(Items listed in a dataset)
────────

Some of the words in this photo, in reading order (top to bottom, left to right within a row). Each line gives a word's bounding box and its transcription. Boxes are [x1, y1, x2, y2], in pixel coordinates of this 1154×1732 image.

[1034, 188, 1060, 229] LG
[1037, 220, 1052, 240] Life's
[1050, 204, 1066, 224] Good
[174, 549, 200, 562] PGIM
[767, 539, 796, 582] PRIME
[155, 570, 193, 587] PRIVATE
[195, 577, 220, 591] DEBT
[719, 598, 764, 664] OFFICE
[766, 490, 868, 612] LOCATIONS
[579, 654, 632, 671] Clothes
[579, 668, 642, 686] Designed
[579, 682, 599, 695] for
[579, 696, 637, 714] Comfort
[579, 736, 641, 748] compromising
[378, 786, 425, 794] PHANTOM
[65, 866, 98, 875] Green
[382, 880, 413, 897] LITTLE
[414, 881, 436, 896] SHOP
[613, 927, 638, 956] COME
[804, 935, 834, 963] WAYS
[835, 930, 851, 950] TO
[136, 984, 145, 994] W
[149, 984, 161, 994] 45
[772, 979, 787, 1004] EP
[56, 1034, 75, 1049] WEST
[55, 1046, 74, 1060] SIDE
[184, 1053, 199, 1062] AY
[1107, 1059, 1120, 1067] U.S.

────────

WORK INSTRUCTION => Every record should be retyped so that it matches the original exactly.

ANSWER TO THIS EXERCISE =>
Some of the words in this photo, in reading order (top to bottom, left to right within a row). Each line gives a word's bounding box and its transcription. Boxes are [x1, y1, x2, y2], in pixel coordinates of this 1154×1732 image.

[1034, 188, 1060, 229] LG
[1037, 220, 1052, 240] Life's
[1050, 204, 1066, 224] Good
[174, 549, 200, 562] PGIM
[767, 539, 796, 582] PRIME
[155, 570, 193, 587] PRIVATE
[195, 577, 220, 591] DEBT
[719, 598, 764, 664] OFFICE
[766, 490, 868, 612] LOCATIONS
[579, 654, 632, 671] Clothes
[579, 668, 642, 686] Designed
[579, 682, 599, 695] for
[579, 696, 637, 714] Comfort
[579, 736, 641, 748] compromising
[378, 786, 425, 794] PHANTOM
[65, 866, 98, 875] Green
[382, 880, 413, 897] LITTLE
[414, 881, 436, 896] SHOP
[613, 927, 638, 956] COME
[804, 935, 834, 963] WAYS
[835, 930, 851, 950] TO
[136, 984, 145, 994] W
[149, 984, 161, 994] 45
[772, 979, 787, 1004] EP
[56, 1034, 75, 1049] WEST
[55, 1046, 74, 1060] SIDE
[184, 1053, 199, 1062] AY
[1107, 1059, 1120, 1067] U.S.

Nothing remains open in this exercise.